Dan Yahav: By the way, the IDF archive is unwilling to this day to open documents related to cases of rape. It’s still [a matter of] “Israel’s security”. (Long silence)

Amnon Neumann: After that I was in Beersheba. There was a short battle there. It wasn’t a big battle, four or five hours and that’s it. There was a chain of Egyptian military posts there, 10km after Beersheba, and we attacked them, and it was the first time I encountered, in Beersheba, what we called the “French commando”. It was a unit made up of immigrants from Morocco. They were trained in Beersheba, in the alleys of Beersheba, and they attacked there. It was ok, we drove out the Egyptians, the Egyptians didn’t hold out anywhere for very long. It was the first time I saw soldiers walking around among the dead Egyptians. It turned out they had been looking for gold teeth in the officers’ mouths. I went crazy. My conceptual world was different.

Lia Tarachansky: Were there cases of disobedience to orders? Did anyone get up and leave rather than go all the way through with it?

Amnon Neumann: Where? With us? No. Never. Everyone went all the way through with it and to the bitter end.

Eitan Bronstein: You know, Amnon, we once met a soldier who had fought in Beersheba and he told us they shot people who had fled from Beersheba, people ran away and soldiers shot them, shot civilians.

Amnon Neumann: Yes, yes, yes. They ran away to the east and the south and they were shot. That’s because it was, I saw it… ok, I did that too. Are we done? Why should I go into details?

Eitan Bronstein: But you can describe exactly this thing, how you as a soldier, you’re shooting people who you see aren’t shooting at you, how… how did you understand it back then? Over there? That you had the full right to do it?

Amnon Neumann: I didn’t understand, I was 19.

Eitan Bronstein: So you just did it?

Amnon Neumann: I was a fool and I didn’t know. Yes. That’s why I’m in such despair, because soldiers are always 19-20 years old, and they never sober up until they’ve been through four battles. That’s the main point. And there will always be new 19-year-olds.

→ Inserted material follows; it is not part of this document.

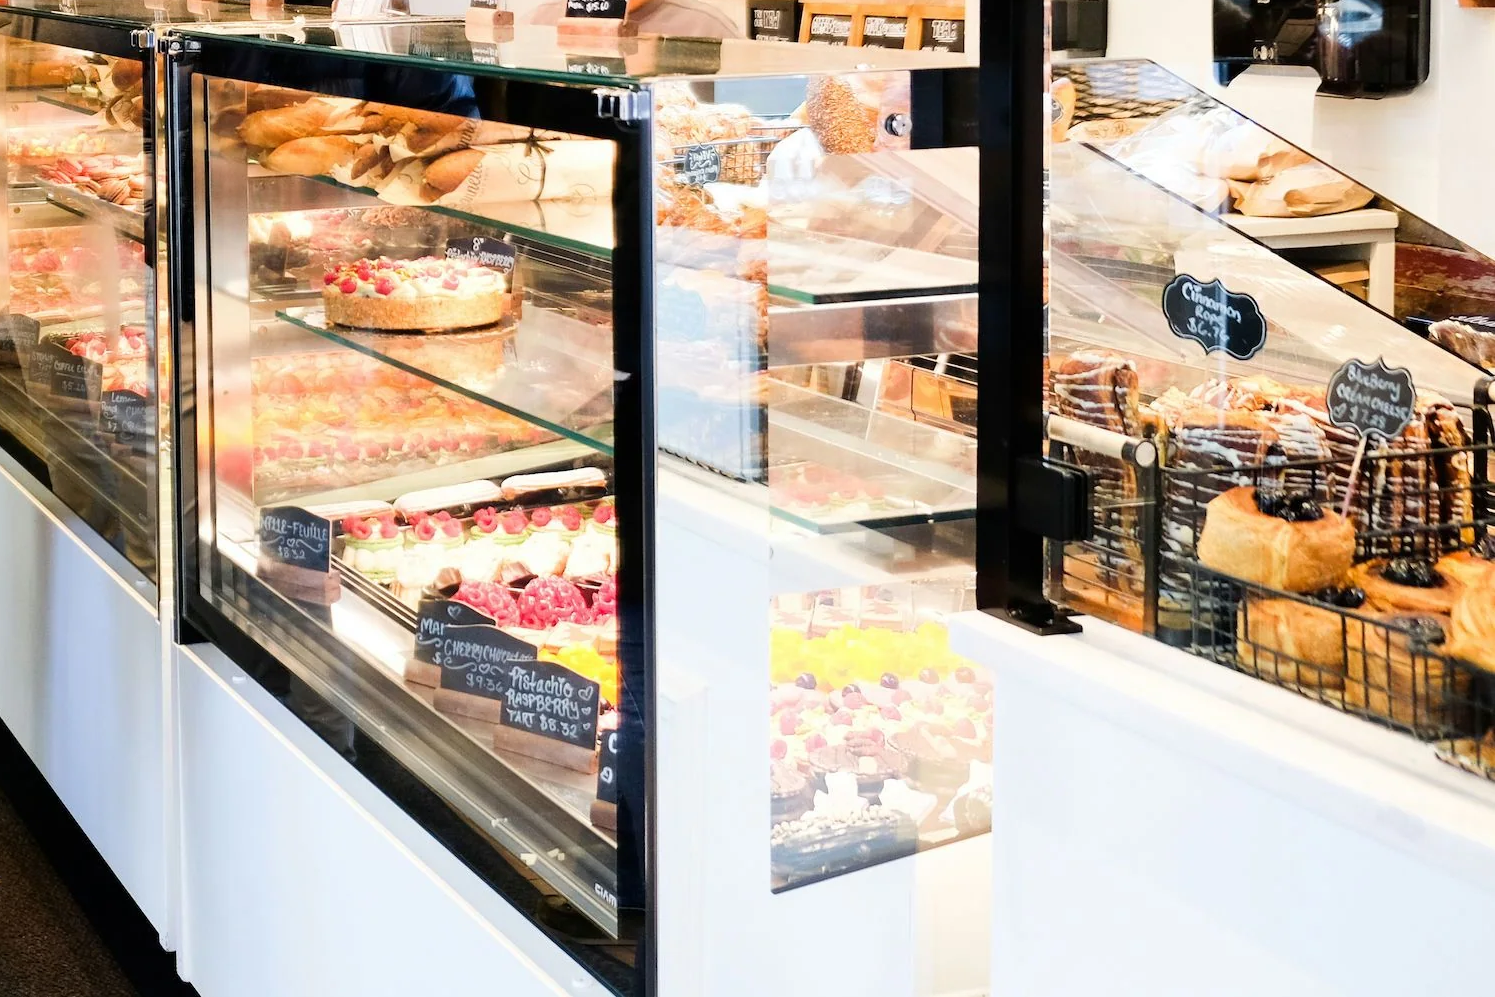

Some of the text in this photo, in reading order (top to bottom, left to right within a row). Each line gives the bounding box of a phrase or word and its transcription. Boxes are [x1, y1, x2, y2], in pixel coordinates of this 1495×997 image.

[504, 688, 580, 719] RASPBERRY
[505, 707, 579, 739] TART $8.32

Amir Hallel: Was there an order to do it?

Amnon Neumann: Where I was, there was an order in one case. As I said, the horrors of war are more difficult than the battles of war, which are not easy either.

Eitan Bronstein: I heard recently about a testimony given by a Palmachnik, [who had been] I think in Simsim, were you in Simsim?

Amnon Neumann: I was there after the village had been destroyed.

Eitan Bronstein: So maybe you’ve heard soldiers’ testimonies saying they saved the Palestinian women from Palestinian men shooting their wives?

Amnon Neumann: They didn’t save, our soldiers didn’t save anyone. Look, in the heat of battle you don’t save anyone. And save just one person, yourself. Right? You don’t save anyone. After that there was the big battle over Be’erot Yitzhak. Really, a big and terrible battle. Half of the men of Be’erot Yitzhak were killed there. How many were there? There were 100, 40 were killed there, something like that. And we came from the direction of Sa’ad to save them and the platoons of the “Negev Animals” came from the other direction and then there was a battle. We shot and they shot. In the end, they fixed their machine gun and mowed down the Sudanese. It was a lucerne field there. Straight, even. And then I saw from a distance, for the first and only time, how the Egyptian officers walk with pistols with the soldiers ahead of them, shooting, lying down, getting up, shooting. That was one of the elite units of the Sudanese army, which afterwards stayed in ‘Iraq Suwaydan as well, until they conquered ‘Iraq Suwaydan.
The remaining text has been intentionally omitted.